Story for the Day: Vegetable or Minreal -- Part 2

In the grand list of things Bartleby hates, being called a goblin ranks highest, alongside raucous children, broken biscuits, and weak tea. In truth, no one really knows Bartleby's history but himself. He was born in Marridon to Marridonian parents, but was given up when he was young once it became more financially logical to keep him at school and away from home. He was science professor at Marridon Academy for sometime, but after being maligned by the Dean of Studies, he joined Danaco's crew, and has been their cavernous library goblins ever since.


Rannig’s eyes vanished from the hatch, the sound of a besom and bucket being put aside followed,
and a moment later, he was walking down the stairs into Bartleby’s den, his sensibleness at last giving way to his curiosity. The deck could wait: the rest of the crew was still moving about, and he should finish his sweeping when everyone else should turn in for the night, which was not likely to be for another few hours hence, and he so much wanted to witness the examination, the discovery, and possibly dismemberment of their newest crewmember that his usual attention to his duties diminished. He loomed beside Peppone and spied him with quiet eyes, and Peppone, being approached so suddenly and silently by so a large creature, instinctively moved to defend himself.
                “Don’t worry, Mr Vase Imp,” said Rannig, with an amiable smile. “Just wanted to see what Bartleby was doin’ and all.”
                “Don’t you always, you grinning gigglemug,” Bartleby grumbled, changing his slides, and then realizing, he immediately added, “Yes.
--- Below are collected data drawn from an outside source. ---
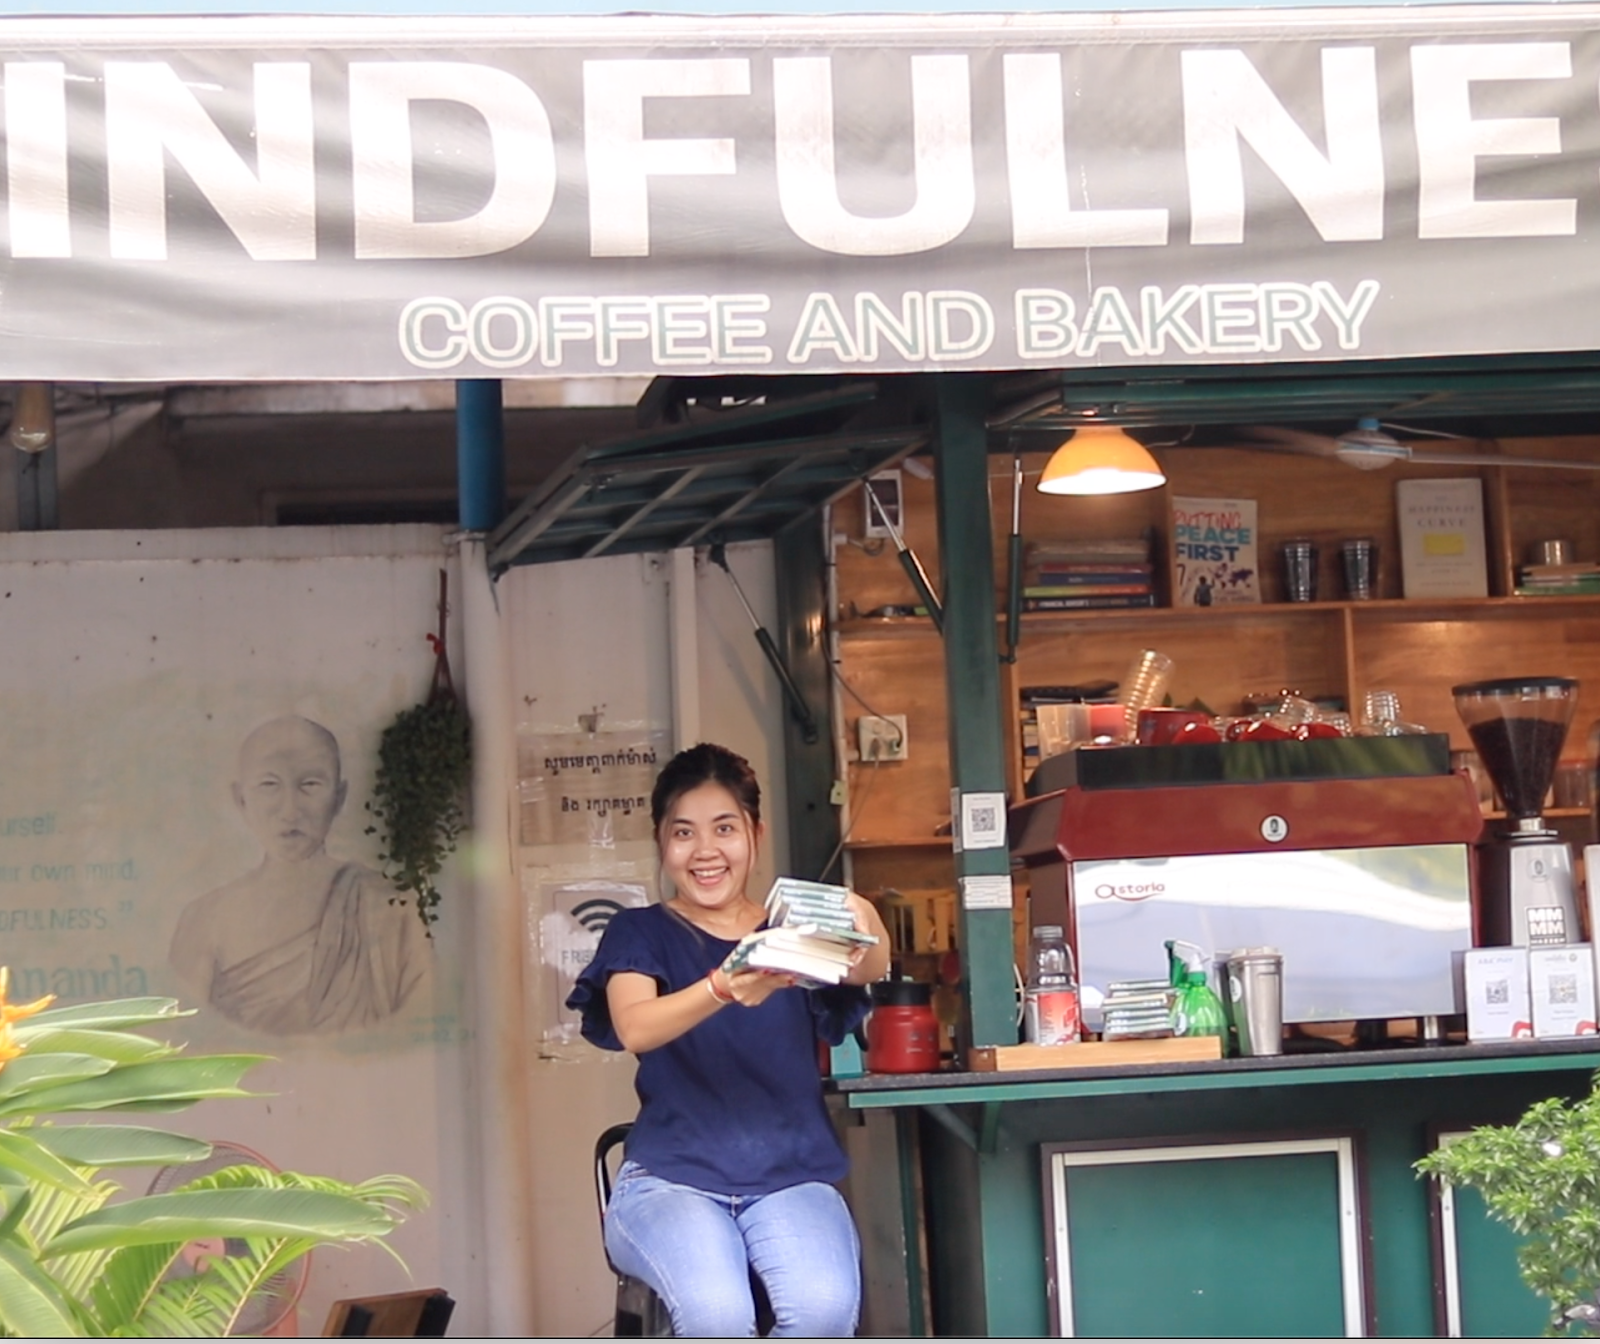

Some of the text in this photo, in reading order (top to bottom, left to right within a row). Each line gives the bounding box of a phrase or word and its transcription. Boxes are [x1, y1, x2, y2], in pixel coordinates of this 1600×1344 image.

[399, 280, 1380, 369] COFFEE AND BAKERY
[1175, 510, 1241, 530] PUTTING
[1175, 526, 1251, 545] PEACE
[1176, 542, 1239, 562] FIRST
[30, 862, 75, 883] own
[561, 949, 597, 965] FRE
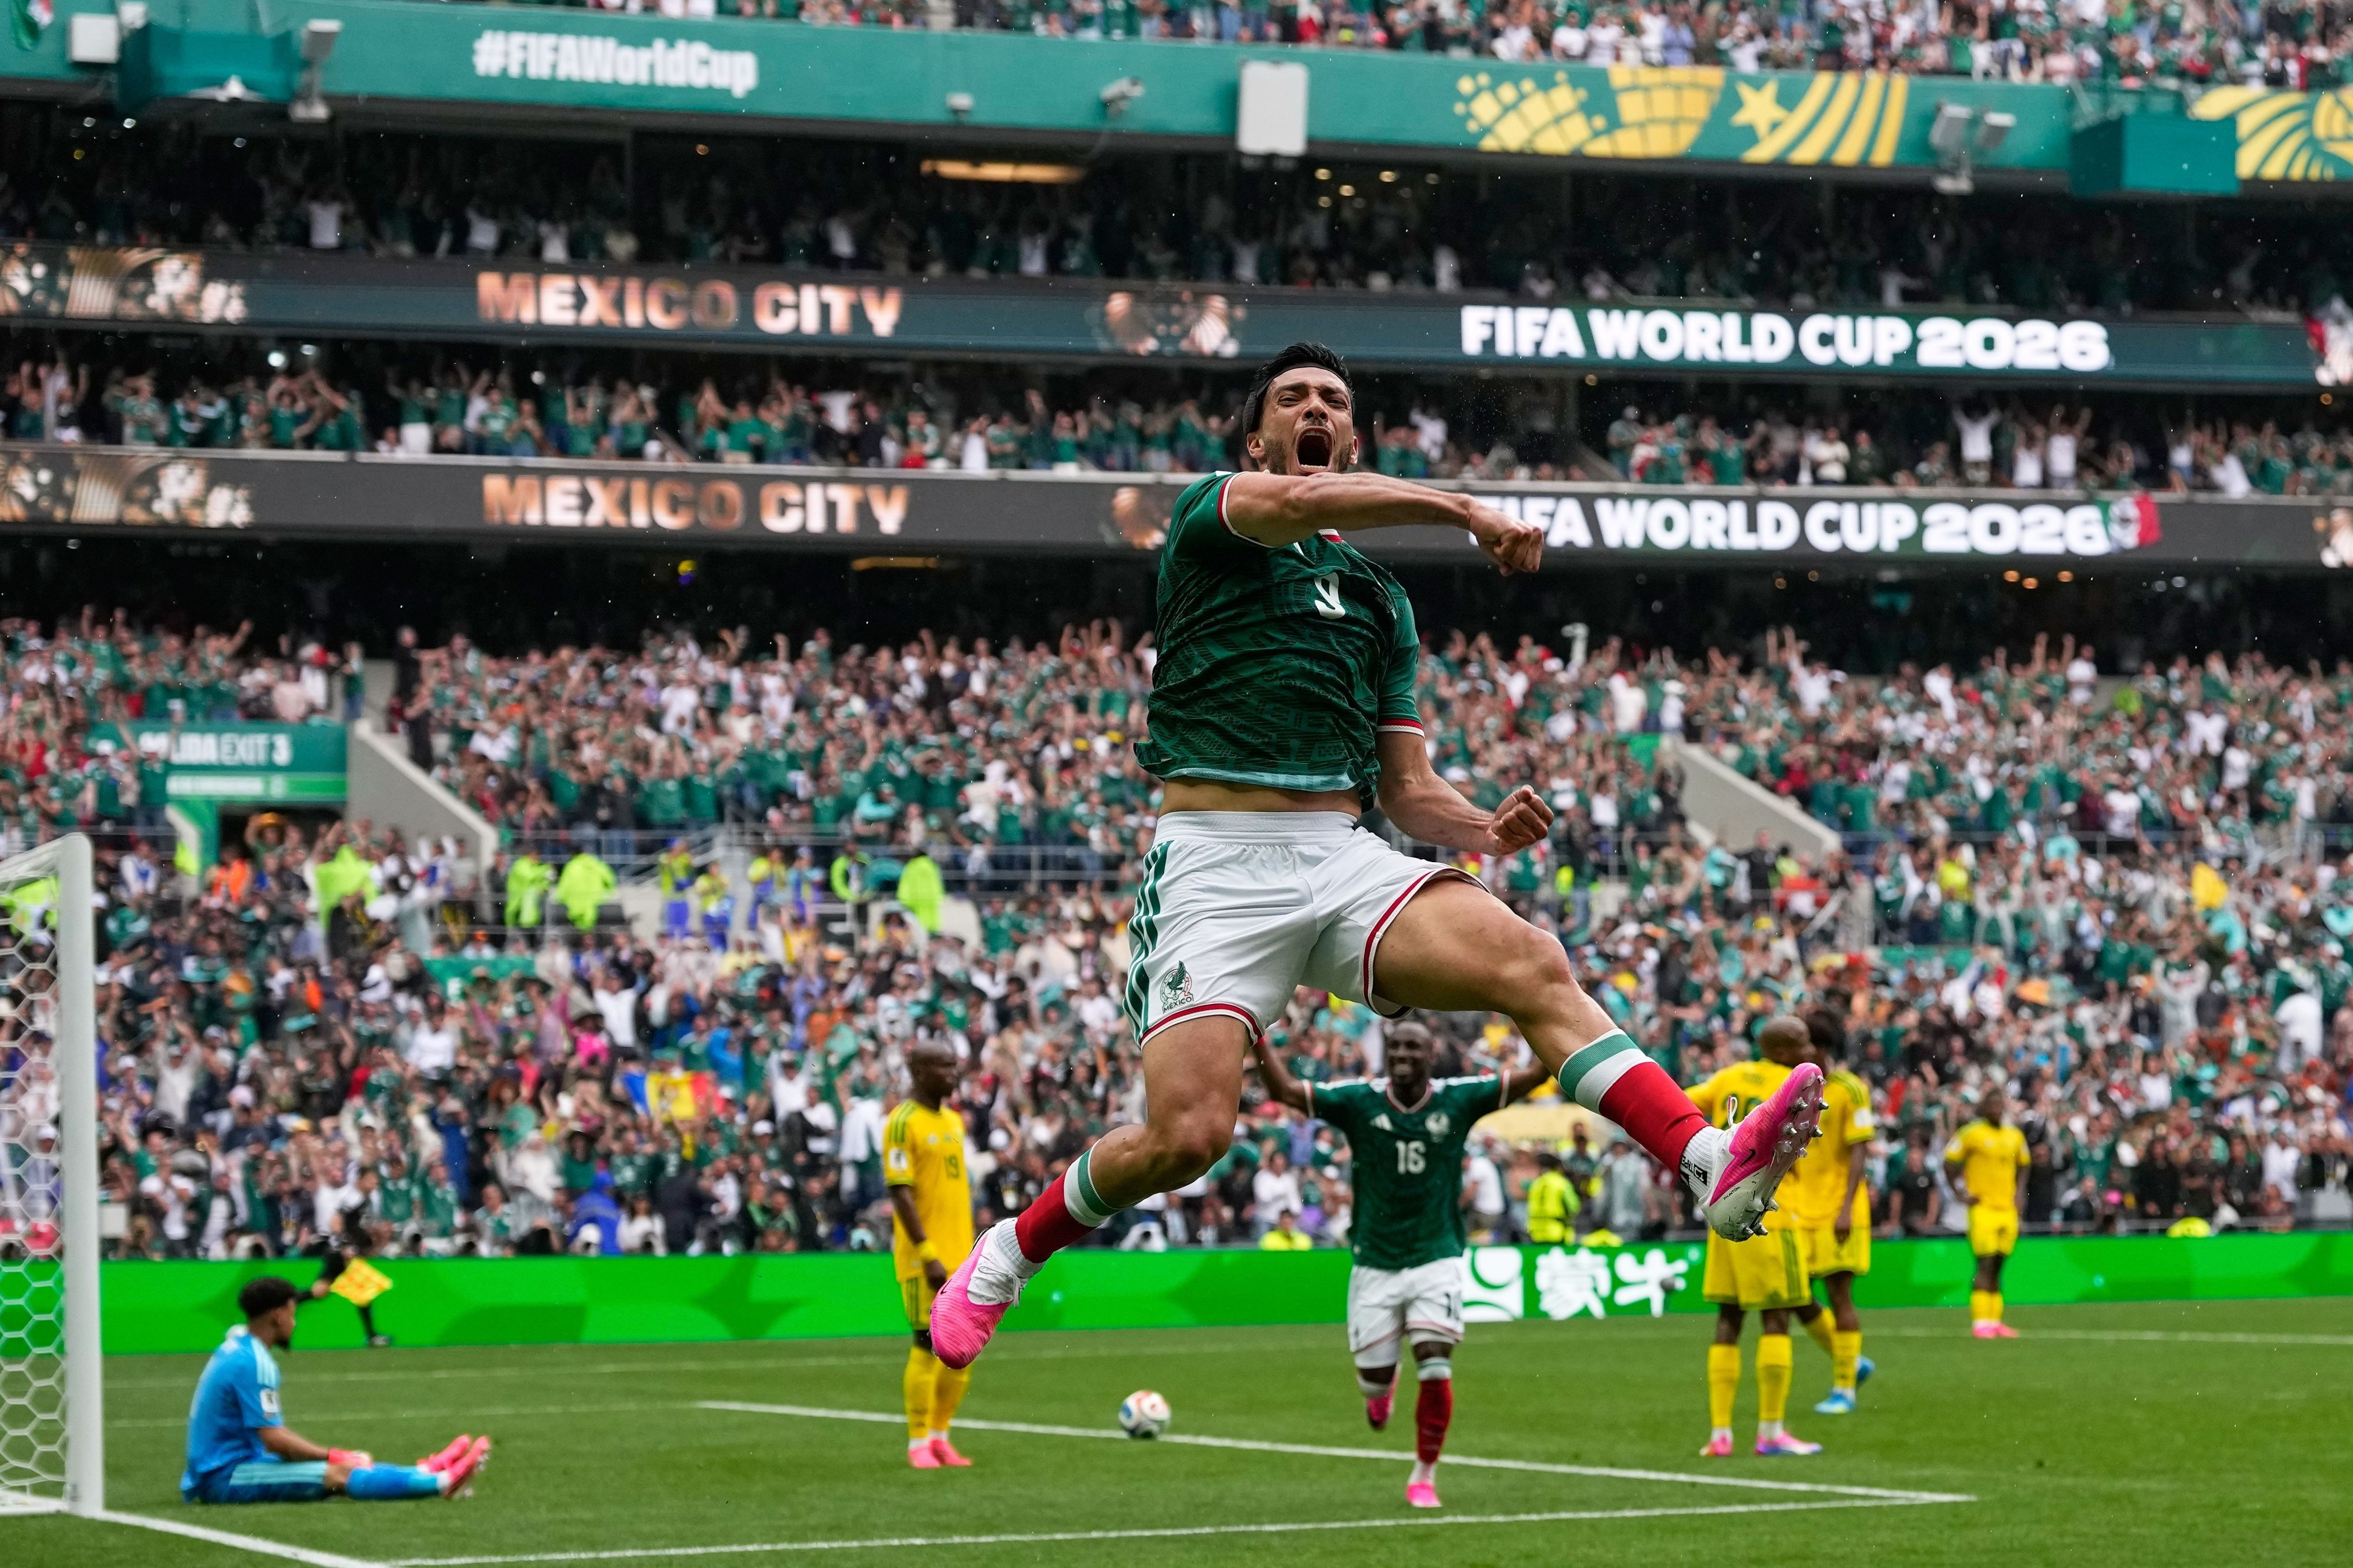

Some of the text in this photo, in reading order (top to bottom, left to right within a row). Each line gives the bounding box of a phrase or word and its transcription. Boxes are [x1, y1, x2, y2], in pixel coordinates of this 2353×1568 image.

[473, 30, 758, 98] #FIFAWorldCup
[476, 271, 903, 338] MEXICO CITY
[1461, 305, 2111, 372] FIFA WORLD CUP 2026
[481, 473, 910, 535] MEXICO CITY
[1594, 498, 1801, 551] WORLD
[1804, 500, 1918, 554] CUP
[1921, 503, 2111, 556] 2026
[219, 732, 270, 766] EXIT
[272, 733, 293, 767] 3
[944, 1154, 960, 1179] 19
[1395, 1139, 1427, 1175] 16
[1723, 1186, 1741, 1200] PHANTOM
[1535, 1246, 1689, 1320] 蒙牛
Yes, you do. There. I have answered me for you.”
                Rannig paused, with finger raised and mouth open, and after his brain had leapt over its own hurdles, he arrived at, “Not always, Bartleby.”
                The old man would not agree to this, but the tax of conversation it was hardly worth its wages of one-sided remonstrance just now; he had Science to do. His desire for debate must hold, celluar movement was all his interest, he he must give all his attention to the rush and senescence going on at the other end of the lens. “Hrm, yes…” was all his reply, speaking more to his samples than he was to anyone else in the room. He paused, seemed thoughtful, and then began working something out in his notebook.
                “Is there something wrong with my head?” asked Peppone, touching the same brow gully Bartleby had swiped.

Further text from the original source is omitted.